The 83rd, Figure of Noise

The 83rd. Photo: Daniel Mangosing.
The 83rd. Photo: Daniel Mangosing.

The perception of all things “real” is determined by limits. In media, these relate to depressed economic circumstances that, in the confines of the so-called real world, hinder social success while paradoxically providing the kind of authenticity that the arts supposedly honor. Naturally, the vector connecting need and acceptance figures heavily over the NYC-based record producer and experimental musician Zion, better known as The 83rd. “I was supposed to be signed to Roc Nation, twice,” he shares in our first conversation, over email. “Their lack of communication closed the deal. I wanted to start a place where that lack in culture didn’t exist toward the artist.”

While perhaps telling, The 83rd's coded use of “culture” is just as instructive as his near-militant posture of independence. As the founder of the multi-pronged media organization Sermon 3 Recordings, through which he self-releases his music via Bandcamp, The 83rd’s sui generis trajectory seeks the kind of valanced heat that the real and art worlds seem to so rarely offer to self-styled enfants terrible. His music—a conflation of electronic dance’s more hardcore offshoots graced with an idiosyncratic personal patina—challenges a color-blind consensus and commonality. Despite arguably falling under the broad umbrella of “NYC experimental,” The 83rd has no easy home.

“I started Sermon 3 out of necessity,” he affirms. “[Out of] not having a space for my own voice, not seeing a space for the voices everyone else was benefiting from.” And so his records remain charmed by defiance, defined above all by a foregrounding of Diaspora sound-worlds, as well as a commitment to idealized autonomy expressed in the shared grammar of Black expressivity.

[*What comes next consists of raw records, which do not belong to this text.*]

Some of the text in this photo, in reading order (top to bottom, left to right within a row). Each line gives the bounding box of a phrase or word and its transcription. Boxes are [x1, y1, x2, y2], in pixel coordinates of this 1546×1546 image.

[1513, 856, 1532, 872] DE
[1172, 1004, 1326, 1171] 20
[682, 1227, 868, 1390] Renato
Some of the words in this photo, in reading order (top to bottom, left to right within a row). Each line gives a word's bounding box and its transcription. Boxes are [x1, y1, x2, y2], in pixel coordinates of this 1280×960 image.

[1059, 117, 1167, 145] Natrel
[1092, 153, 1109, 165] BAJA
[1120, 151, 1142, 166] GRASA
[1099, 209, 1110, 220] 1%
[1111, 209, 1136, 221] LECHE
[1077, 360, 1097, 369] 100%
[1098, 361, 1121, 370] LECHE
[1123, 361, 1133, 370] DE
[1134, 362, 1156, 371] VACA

But despite his music’s constant Black musical presence, he unapologetically maintains that his work is not affirmed by the hegemony of difference, nor by any inherent opposition. Consequently, he appears averse to perceived abstract intellectualizing. “Yeah, no, I’m just bleeding. And I’m Black… So it’s not going to be too… straight. That's not who I am, or my family or culture—or what interests me.”

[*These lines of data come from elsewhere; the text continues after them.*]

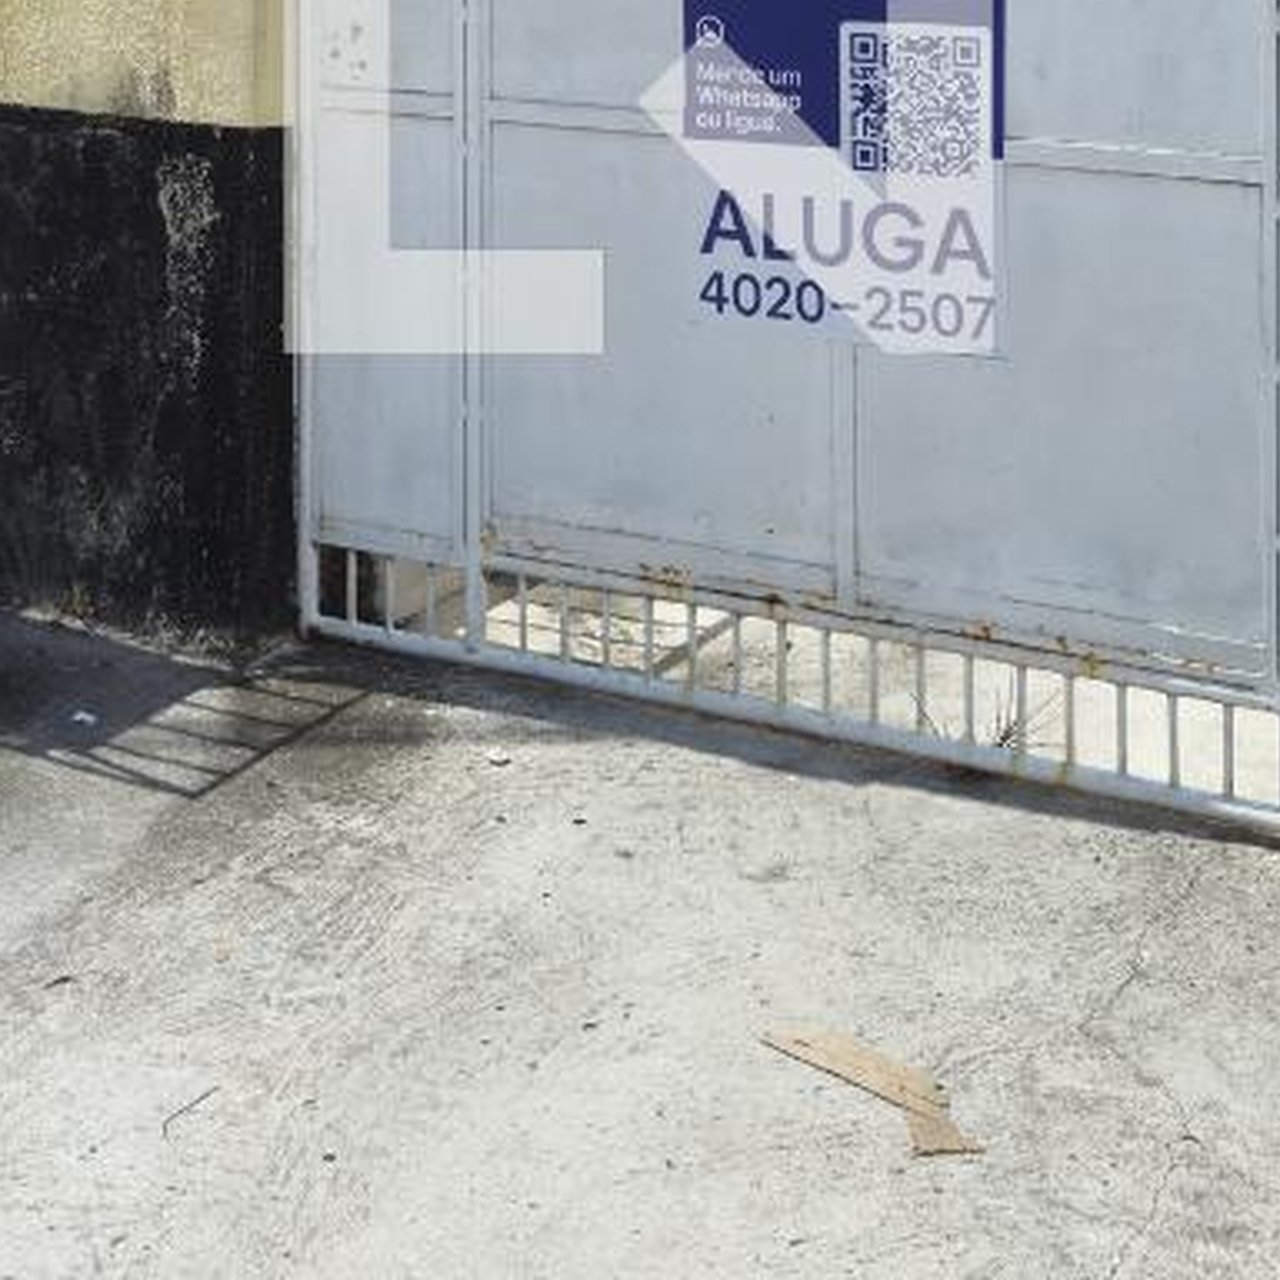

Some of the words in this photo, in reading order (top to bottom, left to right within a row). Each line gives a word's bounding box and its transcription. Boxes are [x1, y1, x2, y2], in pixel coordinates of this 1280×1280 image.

[769, 69, 801, 87] um
[700, 189, 992, 280] ALUGA
[700, 271, 996, 340] 4020-2507
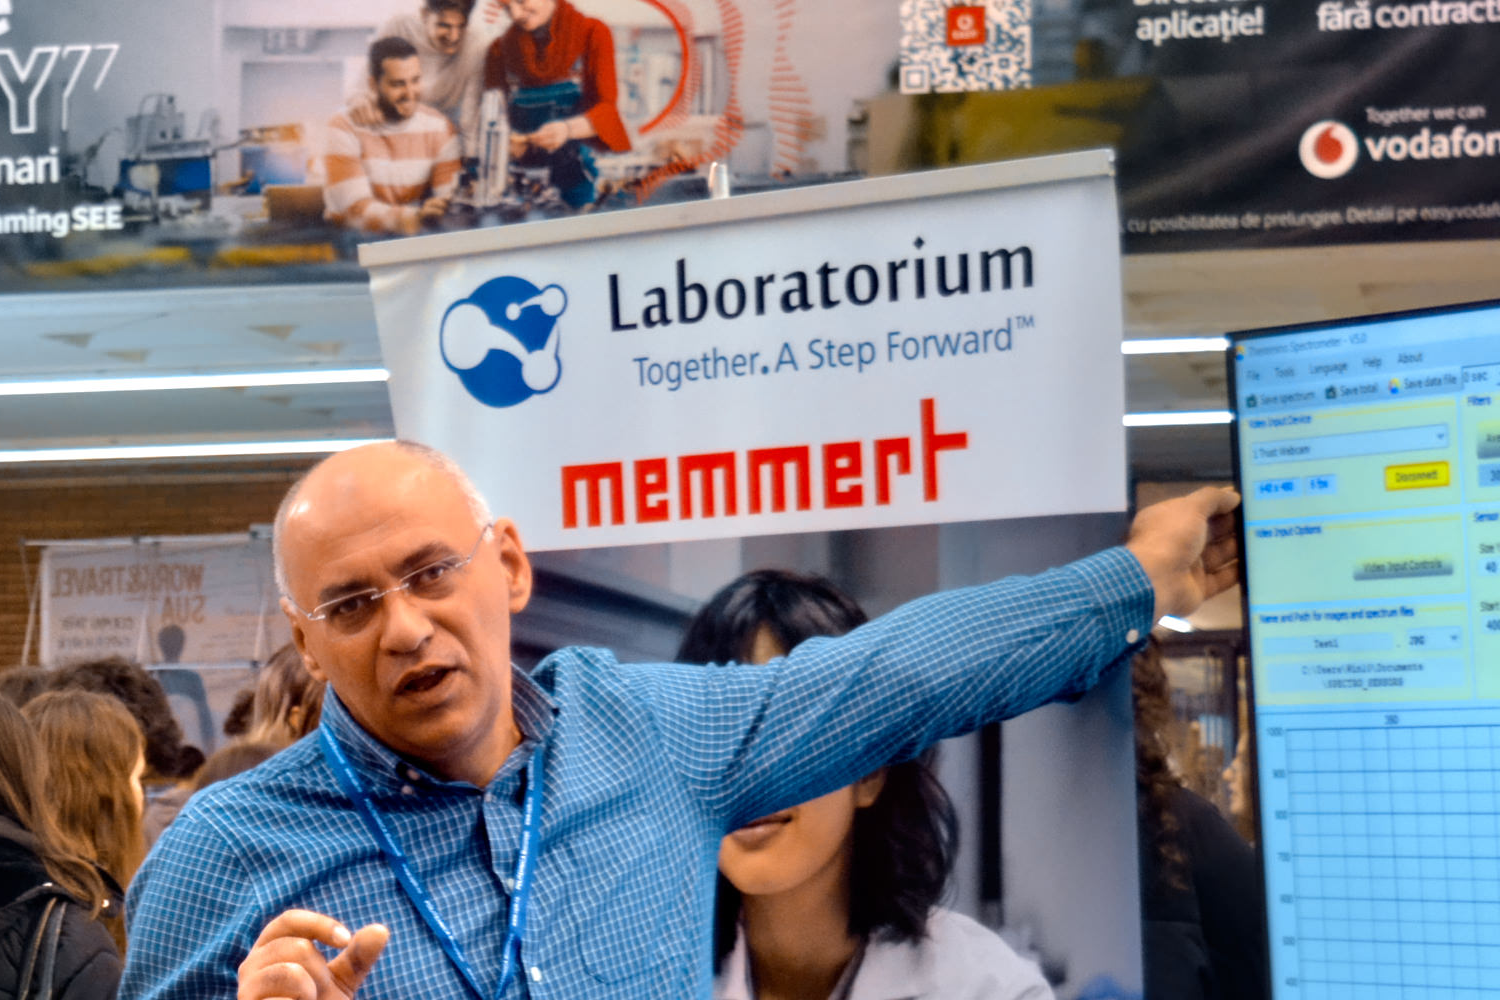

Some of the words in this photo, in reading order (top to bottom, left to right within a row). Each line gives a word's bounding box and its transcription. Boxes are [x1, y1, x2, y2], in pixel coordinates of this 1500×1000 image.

[1136, 6, 1265, 47] aplicație!
[1317, 3, 1370, 31] fără
[1374, 0, 1500, 29] contract
[1366, 106, 1430, 127] Together
[1432, 107, 1456, 120] we
[1457, 105, 1486, 120] can
[71, 203, 123, 231] SEE
[608, 236, 1036, 332] Laboratorium
[633, 345, 771, 392] Together.
[775, 342, 800, 373] A
[807, 336, 877, 375] Step
[560, 397, 969, 530] memmert

As such, his motives are perhaps better left to play against each other, in view of everything underground—the experimental and extreme, the distorted and digital—inscribing inverted racialisms onto global bodies of song, literally conjuring what Ronald Radano called “the universal figure of ‘black noise.’” Sonically, his music is often a dense digital no-man’s land of obscured consonant noise and percussive instants, challenging for all the right reasons, even if not always initially clear in motive. “Life moves me and I don't fight. I bleed,” he says, sagely. “And I push forward thru experimentation with sonic possibilities.”

Each project highlights the semi-permeable relationship he shares with his work. “Art is a document of my life. My instruments and recorders are tools. I’m not, ‘now I’m creating an album.’ I’m speaking and healing thru sonics constantly.” Though his music claims the mantle of what he calls the “the unapologetic tear of [the] energetic underground; electronics, noise, punk,” he is not shy about sharing his influences. “Timeghost was a big influence on me… the textures and [relentlessness] of Pharmakon have pushed me forward and are always in my brain somewhere.” As for hip-hop, “it’s my culture,” again using the coded figure. “It’s in everything I do, the back-beat, grooves, polyrhythms… it’s in my blood line.”

And so, drawing liberally from uprooted dub, noise, and hip-hop production techniques, The 83rd subverts generic conventions and expectations, at times pulling from unexpected sources, obfuscating, but never denying, the racialized texts they embody. This may occur through aggressive re-editing, as is the case on his collection of dance-inflected 2020 remixes, 83 Editz, an often audacious re-imagining of ostensibly underground electronic music as filtered through the lens of popular alternatives. Remaining oppressively constant and instantly recognizable, it is easily his most accessible and fully-realized project. Its split-second changes and omnivorous style call to mind the mercurial cultural residue of Public Enemy and the Bomb Squad, with that same cataclysmic, earth-shattering quality to it, bringing noise as well as a different logic, a logic of difference.

At other moments, like on his 2019 debut The Resurrection,parallel processes of textual emergence arrive more subtly, often through an intense musical tenebrism that obscures instrumental origins. Opener “Tinder” breaks down to the point of pure sonic onslaught, imploding in a cascade of middle-register thumps, hypnotically approximating a bastard child of gabber and some other world’s proto-jungle. In a bizarre link to a future past, “Use Me,” with vocalist Eastern Foreigner, sounds like a tape music analogue to Nicolette and Shut Up and Dance’s early breakbeat experiments. The connection further cements the music’s pervasive Black musical presence, as well as engendering an ostensible “lost classic” value.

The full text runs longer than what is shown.